Methods A trauma database is maintained by the trauma service coordinator at the Children's Hospital of Alabama. All patients who are activated as trauma patients are entered into the database. MVC data include basic demographic information, type of trauma, if restraints were used, and, if so, what kind. Injury severity scores and disposition information were also noted. After institutional review board approval, the database was accessed for MVA trauma code information. Data were analyzed using Epi Info®.
Results Since 1998, the total number of trauma codes has averaged 446 per year. The proportion of MVC codes has decreased from 52.6% of total codes in 1998 to 46.4% in 2005 (z = 1.78, p = 08). The average age of the MVC patient in 1998 was 8.2 years compared with 9.0 years in 2005. The percentage of MVC trauma patients discharged from the hospital has not changed (95.3% in 1998 compared with 95.9% in 2005). The number of MVC trauma patients using some form of restraint increased from 37.6% in 1998 to 51.3% in 2005 (z = 4.05, p < .001), with a peak of 62.1% in 2001, which was 1 year after the enactment of the state primary seat belt law. The percentage of patients using no restraint decreased overall from 62.4% in 1998 to 45% in 2005 (z = 5.14, p < .001), with the largest decline in 2001 to 35.9%.

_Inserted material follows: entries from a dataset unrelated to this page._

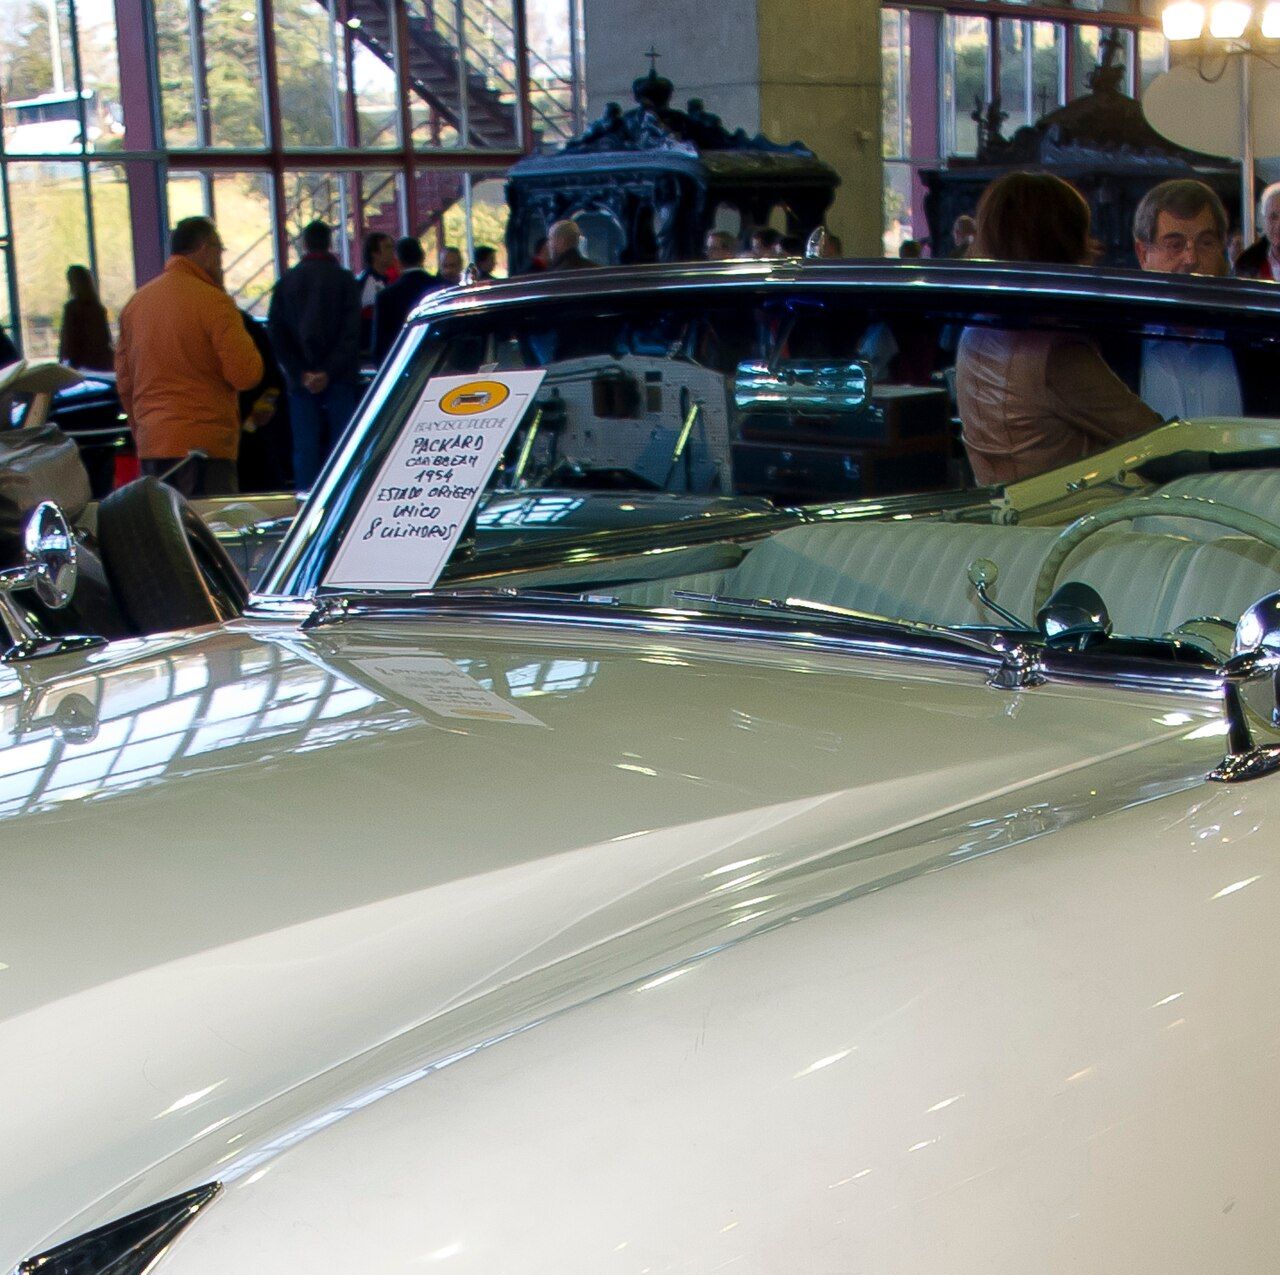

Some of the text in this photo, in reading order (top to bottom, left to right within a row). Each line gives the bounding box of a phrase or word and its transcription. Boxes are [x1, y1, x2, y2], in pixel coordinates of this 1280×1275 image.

[411, 434, 484, 454] PACKARD
[414, 468, 454, 483] 1954
[377, 486, 423, 501] ESTADO
[363, 517, 382, 540] 8
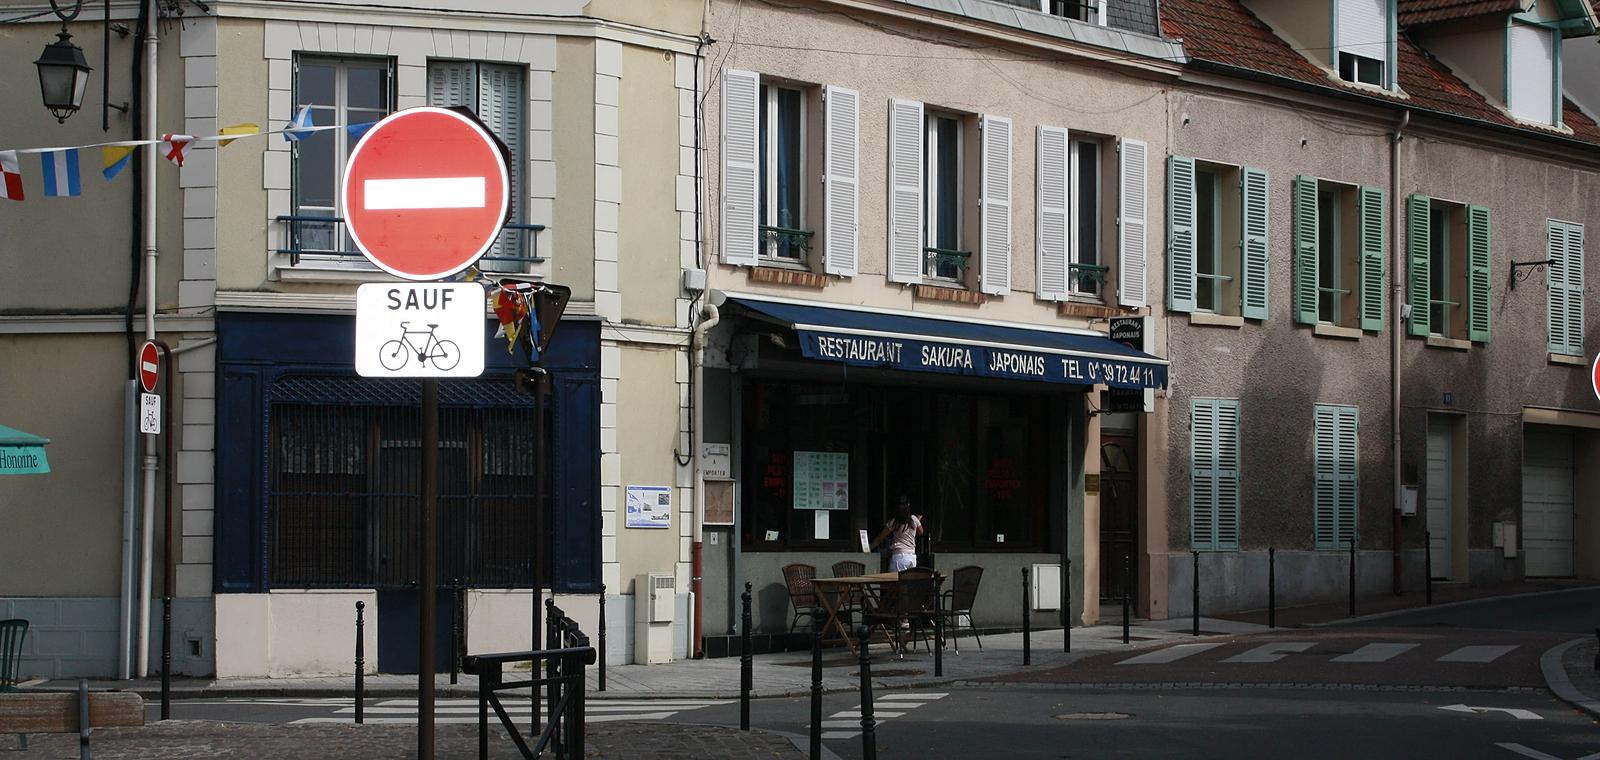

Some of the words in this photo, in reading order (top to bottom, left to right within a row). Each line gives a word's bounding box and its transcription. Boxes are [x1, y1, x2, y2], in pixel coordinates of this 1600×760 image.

[387, 288, 455, 310] SAUF
[1111, 319, 1142, 331] RESTAURANT
[1112, 330, 1140, 339] JAPONAIS
[818, 336, 903, 363] RESTAURANT
[921, 345, 973, 369] SAKURA
[989, 352, 1045, 375] JAPONAIS
[1062, 359, 1083, 379] TEL
[1102, 363, 1115, 382] 39
[1115, 364, 1128, 383] 72
[1129, 365, 1141, 385] 44
[1143, 367, 1154, 386] 11
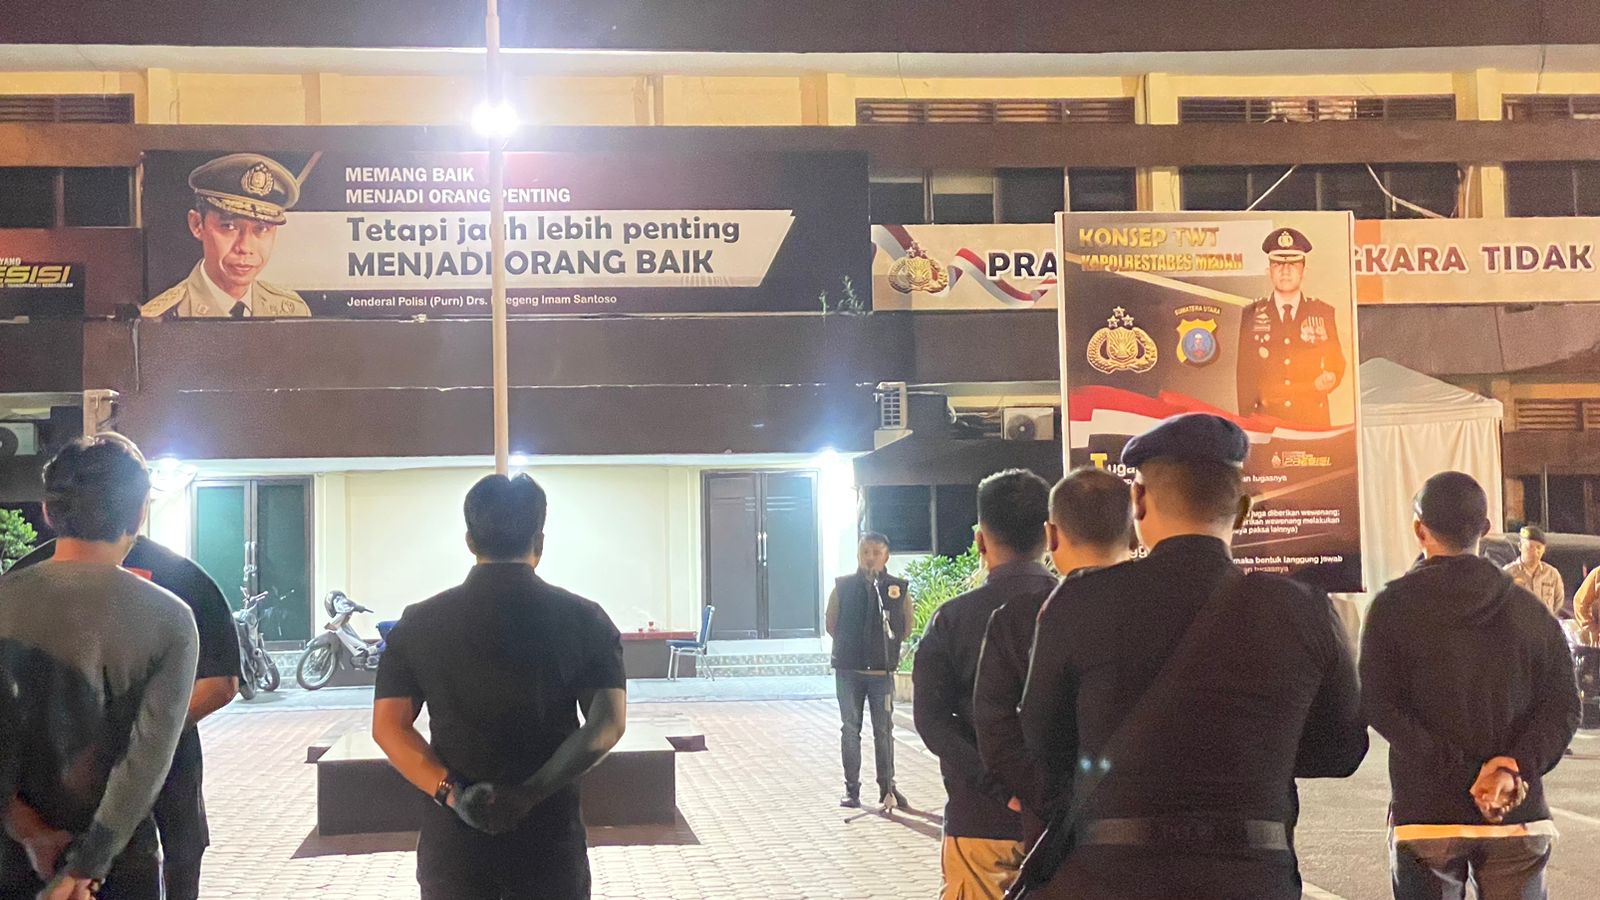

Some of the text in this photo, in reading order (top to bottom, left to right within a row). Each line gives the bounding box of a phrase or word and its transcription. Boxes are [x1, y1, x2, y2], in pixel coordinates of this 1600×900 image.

[345, 167, 475, 182] MEMANG BAIK
[345, 189, 424, 204] MENJADI
[428, 188, 491, 203] ORANG
[347, 217, 447, 246] Tetapi
[537, 216, 612, 240] lebih
[623, 216, 740, 244] penting
[1079, 227, 1219, 247] KONSEP TWT
[349, 249, 714, 280] MENJADI ORANG BAIK
[1081, 252, 1243, 272] KAPOLRESTABES MEDAN
[1482, 245, 1592, 271] TIDAK
[347, 293, 617, 307] Jenderal Polisi (Purn) Drs. egeng Imam Santoso
[1252, 474, 1287, 483] tugasnya
[1265, 518, 1301, 526] wewenang
[1248, 527, 1270, 535] paksa
[1255, 556, 1282, 564] bentuk
[1283, 556, 1319, 565] tanggung
[1319, 554, 1344, 564] jawab

Conclusions Statewide MV laws, educational interventions, and car seat-fitting services working in tandem can lead to significant increases in car seat use with corresponding decreases in MVC injury. This research demonstrates that such decreases can be detected at local levels using trauma code patient data sets. These data sets are a useful surveillance method that can help evaluate the effectiveness of statewide interventions.